[Records to use — start]
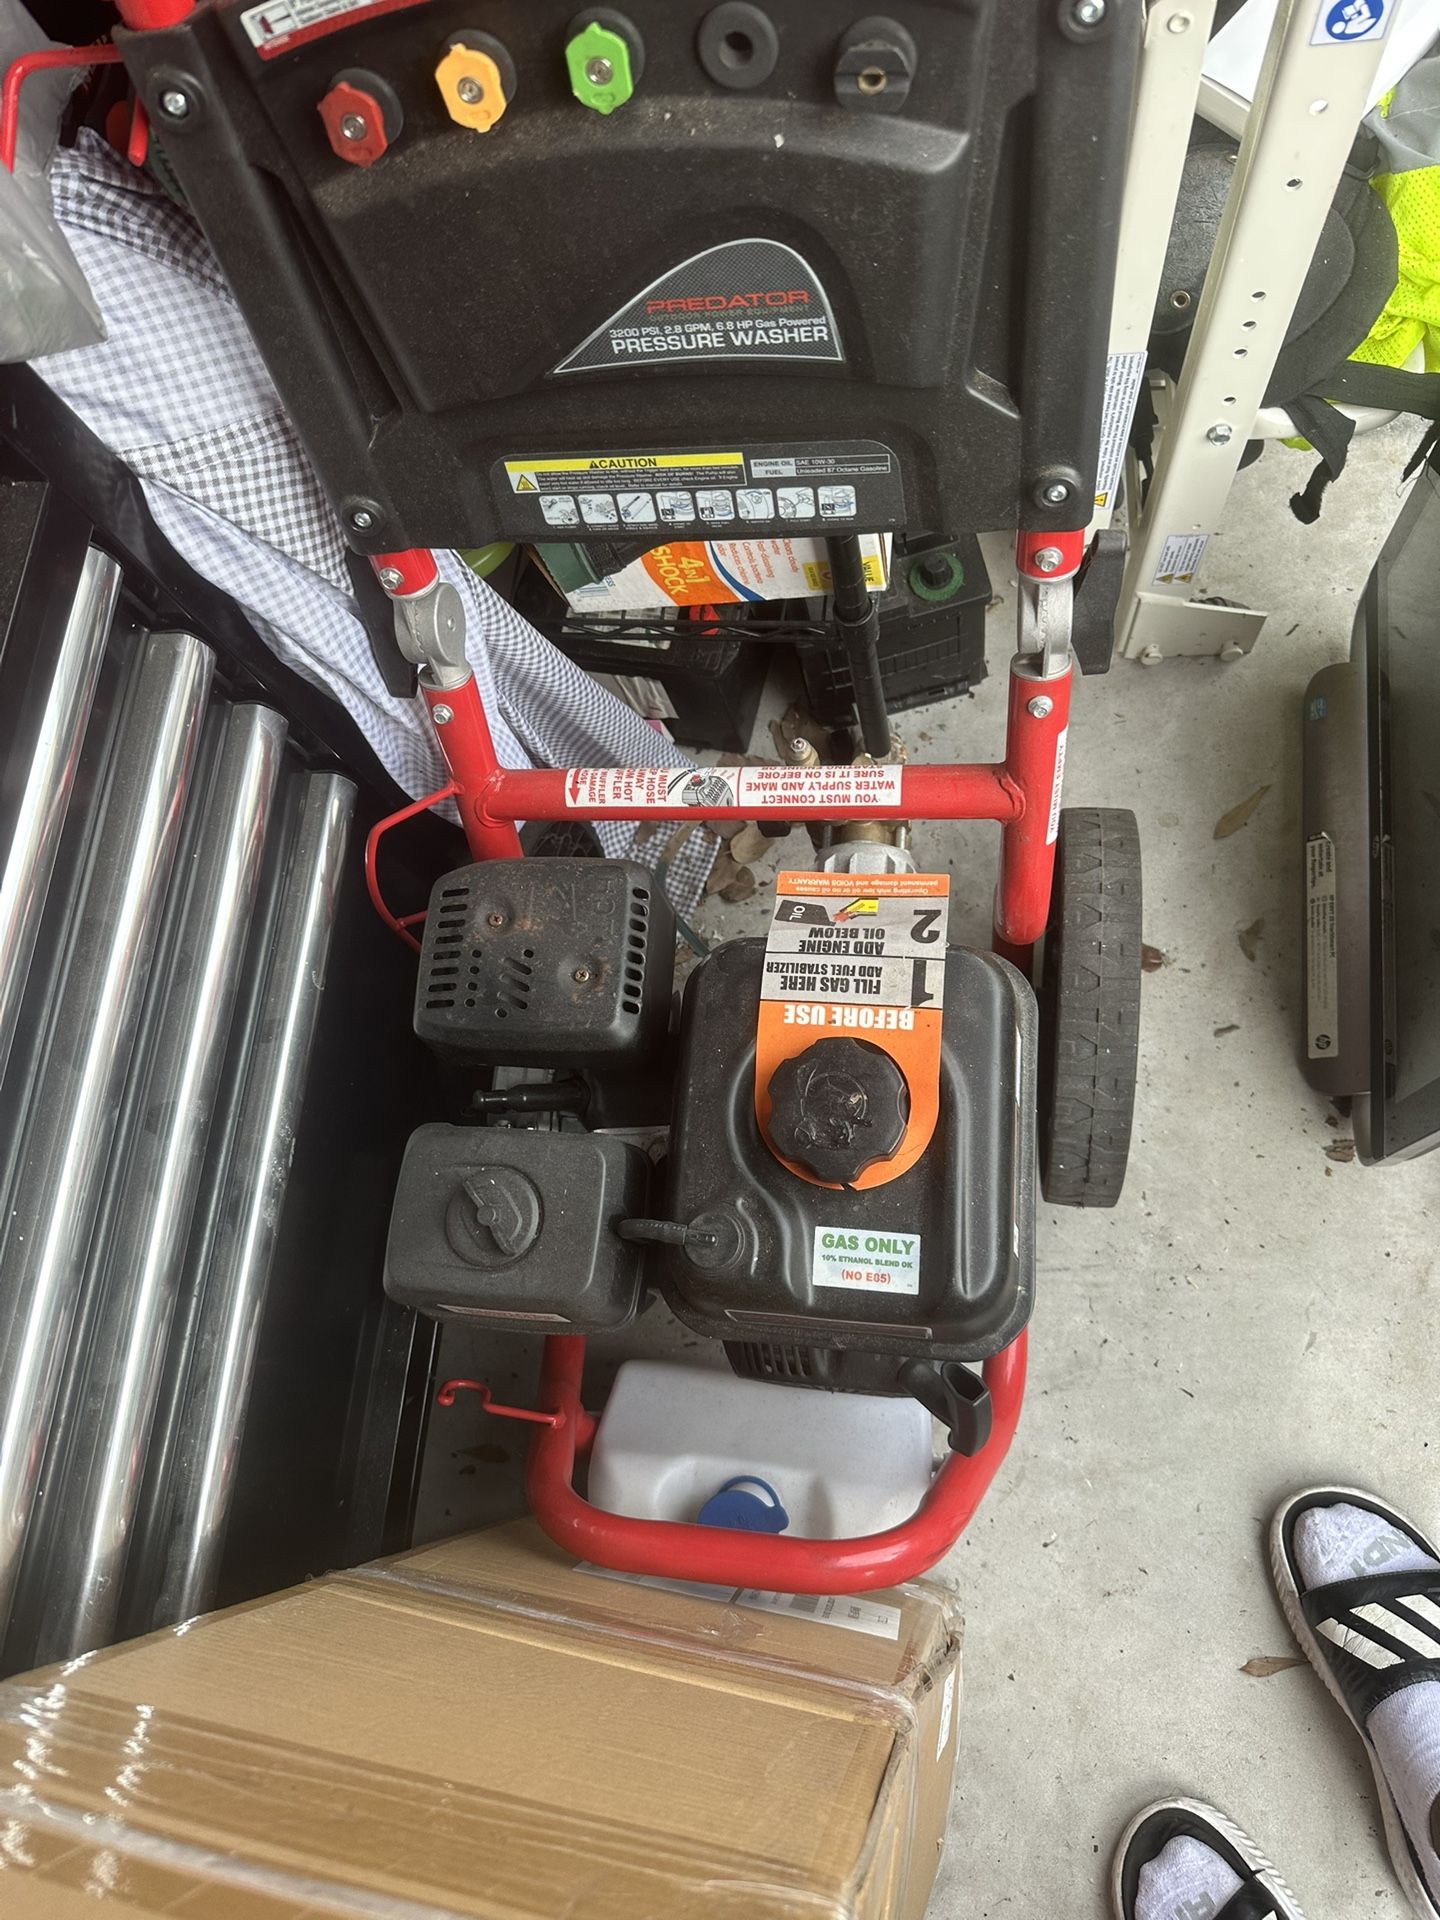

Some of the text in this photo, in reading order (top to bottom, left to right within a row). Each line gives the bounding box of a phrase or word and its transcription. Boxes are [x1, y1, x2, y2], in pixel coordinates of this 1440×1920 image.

[646, 290, 811, 314] PREDATOR
[609, 328, 640, 339] 3200
[664, 325, 682, 335] 2.8
[684, 323, 714, 334] GPM,
[716, 321, 734, 332] 6.8
[736, 320, 753, 330] HP
[755, 318, 777, 328] Gas
[779, 316, 827, 327] Powered
[611, 326, 830, 355] PRESSURE WASHER
[599, 457, 657, 469] CAUTION
[797, 467, 826, 475] Unleaded
[860, 465, 888, 473] Gasoline
[650, 546, 690, 595] SHOCK
[757, 771, 803, 779] BEFORE
[805, 771, 823, 779] ON
[854, 770, 884, 778] SURE
[624, 780, 633, 802] HOT
[646, 777, 656, 804] HOSE
[657, 774, 667, 802] MUST
[745, 781, 895, 792] WATER SUPPLY AND MAKE
[762, 794, 878, 804] YOU MUST CONNECT
[831, 878, 854, 886] VOIDS
[789, 904, 806, 921] OIL
[798, 909, 942, 955] 2 ADD ENGINE
[808, 927, 886, 940] OIL BELOW
[766, 961, 883, 978] ADD FUEL STABILIZER
[780, 959, 934, 1008] 1 FILL GAS HERE
[783, 1004, 915, 1030] BEFORE USE
[821, 1233, 915, 1256] GAS ONLY
[821, 1254, 913, 1269] 10% ETHANOL BLEND OK
[841, 1268, 863, 1281] (NO
[Records to use — finish]
Instructions for the task:
Wherever an image appears, omit it; copy the rest of the records exactly.

Solution to the exercise:
Some of the text in this photo, in reading order (top to bottom, left to right within a row). Each line gives the bounding box of a phrase or word and its transcription. Boxes are [x1, y1, x2, y2], in pixel coordinates of this 1440×1920 image.

[646, 290, 811, 314] PREDATOR
[609, 328, 640, 339] 3200
[664, 325, 682, 335] 2.8
[684, 323, 714, 334] GPM,
[716, 321, 734, 332] 6.8
[736, 320, 753, 330] HP
[755, 318, 777, 328] Gas
[779, 316, 827, 327] Powered
[611, 326, 830, 355] PRESSURE WASHER
[599, 457, 657, 469] CAUTION
[797, 467, 826, 475] Unleaded
[860, 465, 888, 473] Gasoline
[650, 546, 690, 595] SHOCK
[757, 771, 803, 779] BEFORE
[805, 771, 823, 779] ON
[854, 770, 884, 778] SURE
[624, 780, 633, 802] HOT
[646, 777, 656, 804] HOSE
[657, 774, 667, 802] MUST
[745, 781, 895, 792] WATER SUPPLY AND MAKE
[762, 794, 878, 804] YOU MUST CONNECT
[831, 878, 854, 886] VOIDS
[789, 904, 806, 921] OIL
[798, 909, 942, 955] 2 ADD ENGINE
[808, 927, 886, 940] OIL BELOW
[766, 961, 883, 978] ADD FUEL STABILIZER
[780, 959, 934, 1008] 1 FILL GAS HERE
[783, 1004, 915, 1030] BEFORE USE
[821, 1233, 915, 1256] GAS ONLY
[821, 1254, 913, 1269] 10% ETHANOL BLEND OK
[841, 1268, 863, 1281] (NO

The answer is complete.